バルトーク、piano works / ゾルタン・コーチシュ
ヒナステラの回に言いましたが、個人的な3大ピアノソナタは、プロコの7番、ヒナステラ、そしてこのバルトークで決まりです。最初にバルトークを弾くことになったのは、アレグロバルバロからですが、ソナタはとにかくムズイ!がしかし、ときめきも半端ない。で、コーチシュは、端整で明快な語り口。澱みのないポリーニも良いのですが、バルトークなら、この人かと。
キースジャレット / ケルンコンサート
キースジャレットのインプロヴィゼーションは、キラキラしていて、どこを切り取っても美しい。そして、とても情感豊かだ。
その演奏も時に体全体を使い、音と空間が、シンクロしていく。ああ、この人はどこまでも自由(普遍的な意味で)で、伸びやかなのだなぁ、と感心してしまう。演奏スタイルを真似たいとは思わないが、興がのってくると、立ち弾きをするところは、私も「同じ」なのだ^^ だから親近感はある。けれど、「神がかり」のその演奏は、何かのイリュージョンを見ているようで、憧憬よりも愉悦の時間を齎してくれる。
シェーンベルク / 月に憑かれたピエロ
シェーンベルクが12音技法など、無調に至る前の、この作品は、シュプレヒシュテンメ(語るように歌う)という独特の歌唱法で、ぐいぐいと(優しく)惹きこまれてゆく。こんな表現法があるのかと何度も聴き返し、レコードの溝は相当に磨り減ってしまい買い直したものです。
シェーンベルクの無調の作品も良いのだが、無調に絞ると、どちらかと言えばウェーベルンやベルクの方に傾倒していました。
マイルス・デイヴィス / TUTU
マイルスは時代毎に名盤と言える傑作を輩出しているのだが、影響を受けたのは、このアルバムです。
と言うか、これは、はっきり言ってマーカスミラーのアルバムに、マイルスが乗っかっている感じ。

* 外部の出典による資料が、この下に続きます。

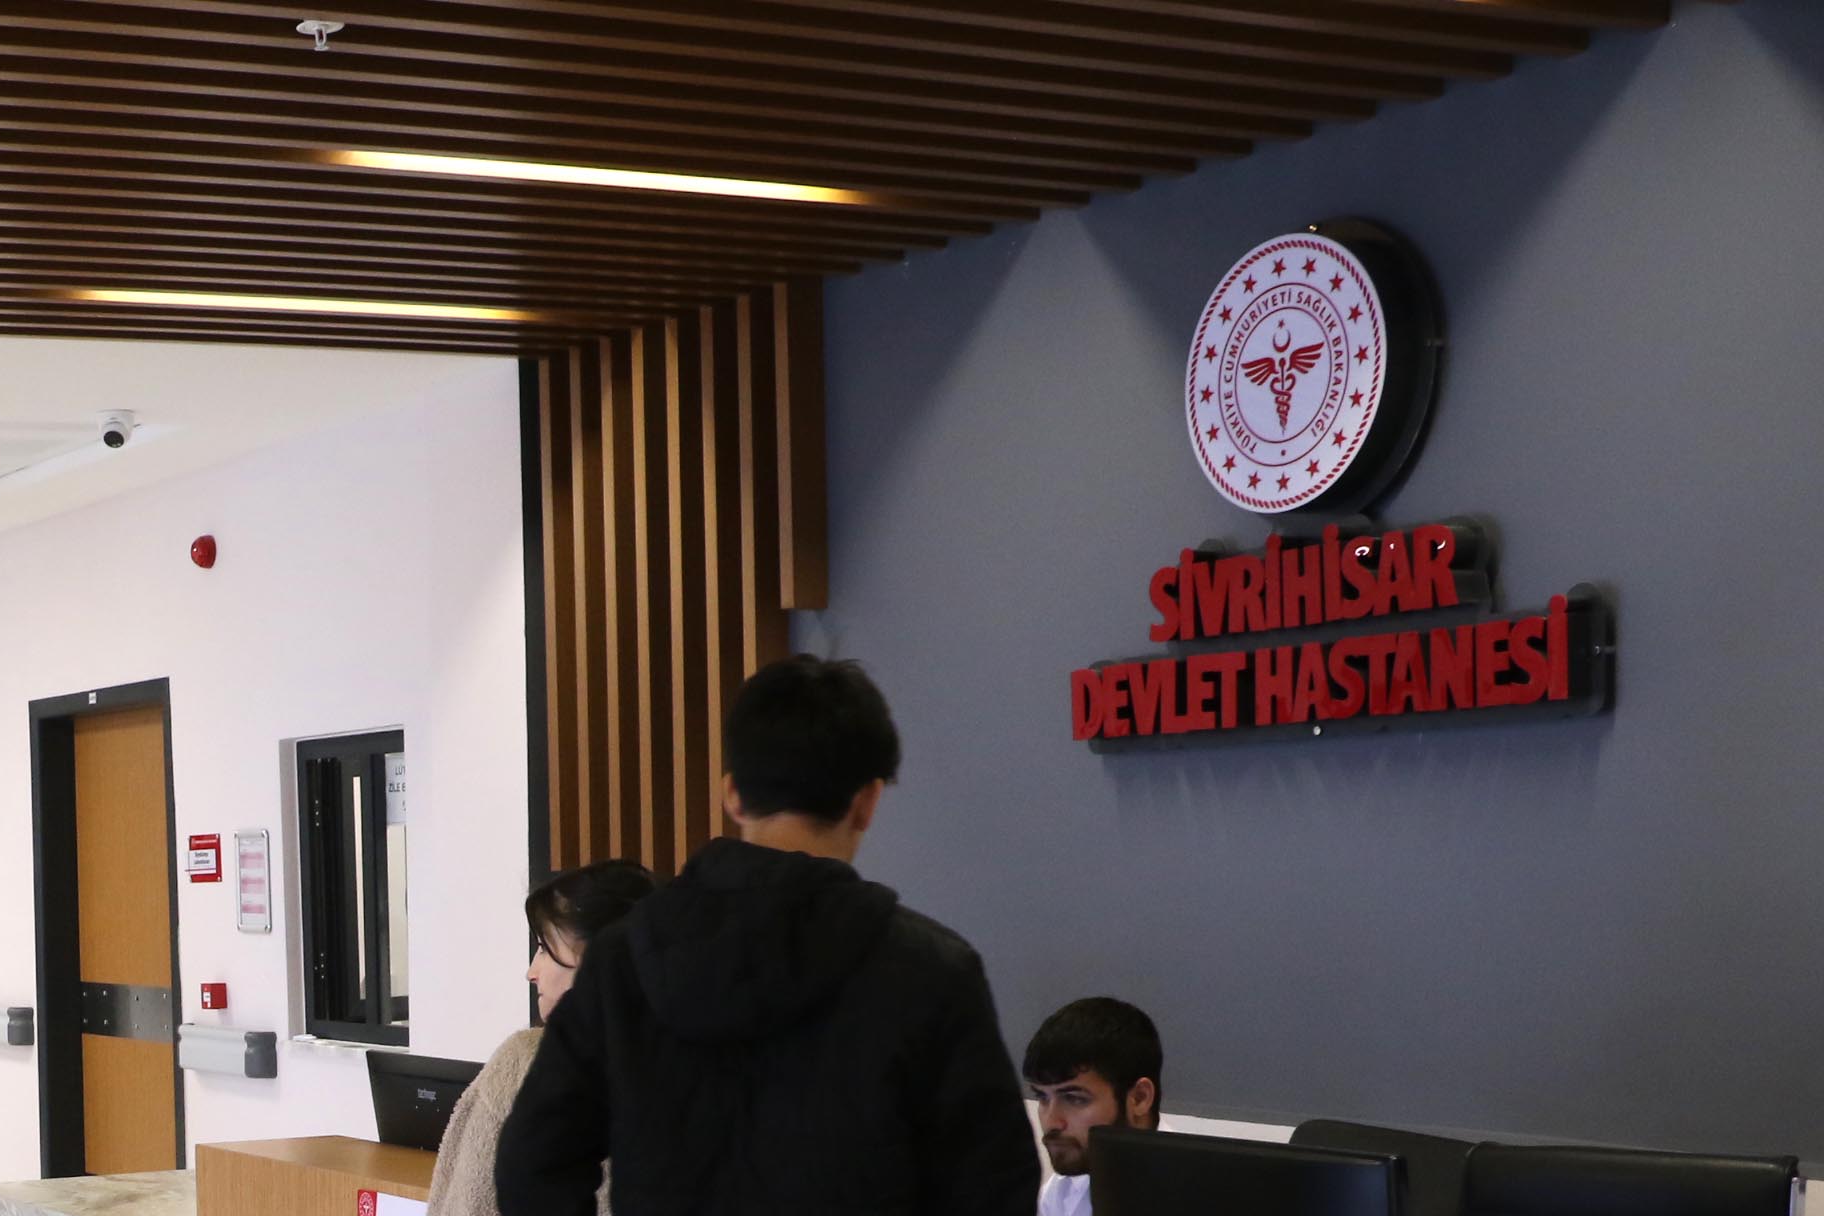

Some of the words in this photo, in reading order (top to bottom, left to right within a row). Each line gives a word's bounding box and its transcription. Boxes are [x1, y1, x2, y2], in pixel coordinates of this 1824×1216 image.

[1224, 288, 1292, 382] CUMHURİYETİ
[1297, 291, 1337, 333] SAĞLIK
[1224, 391, 1258, 453] TÜRKİYE
[1311, 336, 1344, 437] BAKANLIĞI
[1149, 523, 1460, 642] SİVRİHİSAR
[1070, 651, 1247, 741] DEVLET
[1254, 594, 1569, 727] HASTANESİ

そのマーカスは、シェリルリンの曲で、カッコいいベースを披露し、デイヴ・グルーシンのアルバムでも存在感抜群で、あれよあれよと言う間にトップベーシストとなっていく訳だが、この頃(86年)には、プロデューサーとして、コンポーザーとして一級品だと言うことを知らしめることに。そんな憧れも含めて、私の中では深く浸透しています。
ビルエヴァンス / ポートレートインジャズ
ビルエヴァンスの傑作は、モントルーⅡだとは思うのだが、影響を受けたのはこちら。
端正な音作りと美的即興に酔いしれる。自分では、到底至ることのない美学がそこにあるのだ。

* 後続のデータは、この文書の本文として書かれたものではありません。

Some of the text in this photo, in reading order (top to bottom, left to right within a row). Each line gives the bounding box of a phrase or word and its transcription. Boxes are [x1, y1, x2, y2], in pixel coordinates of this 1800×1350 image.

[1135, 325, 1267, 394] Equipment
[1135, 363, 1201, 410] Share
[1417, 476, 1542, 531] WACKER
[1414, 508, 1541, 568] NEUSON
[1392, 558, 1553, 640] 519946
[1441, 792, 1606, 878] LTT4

でも、このアルバムで一番感心したのは、ベースのスコットラファロ。ボトムを支えながらも、対位法のようなフレージングに驚かされる。若き天才は、25歳という若さで死没するのだが、おそらく、その演奏は、永遠に語り継がれることだろう。
Weather Report / Heavy Weather
影響を受けた作品のうち、7割はコピーをしているのだが、これも、高校時代にbirdlandなど、コピーしました。
でも、感動したのは、Teen Town や A remark you made.
ジョーザヴィヌルは、面白いと思ったし、バンドとして真似したい部分もたくさんあった。が、ジャコパスには、心奪われてしまい、短い生涯のほとんどの作品や、出演動画や参加作品など収集。以後、一つの指標として存在し続けています。
レコジャケ - 影響を受けた作品#8
ヒナステラ、ピアノ曲集 / バーバラニスマン(A.Ginastera Piano Works)
ヒナステラといえば「ハープ協奏曲」「ピアノコンチェルト」などで知られていますが、何と言ってもピアノ曲が、猛烈に素晴らしい。個人的な3大ピアノソナタは、プロコフィエフの7番、バルトーク、そしてこのヒナステラのソナタなんです。その他のピアノ曲も、五感が震えるような興奮状態に。よほど波長が合うのでしょうね。因みに、ピアノコンチェルトの4th movementは、後年、Emerson,Lake&palmer(主にキースエマーソンが)の手によりToccataとして、アナログシンセ、バリバリの曲に生まれ変わりました。(エマーソンが、ヒナステラに出来上がった曲を聴かせたところ、大いに喜んでくれたそうです)
そして、このCDは現在、日本では入手困難だそうです。
Greg Mathieson Project / ベイクドポテトスーパーライブ
ルカサーやポーカロが参加しているだけで、ワクワクのユニットなのだが、このアルバムで、たくさんのことを学びました。
大学時代に数曲、コピーもしたし、やはりちょっと真似てもみた。楽曲そのものは、作り込んでいるわけではないが、原初の喜びに満ち溢れている(fun to playの)のだ。
肩肘張らない、心地よさ。自分に足りないものだなと省みる。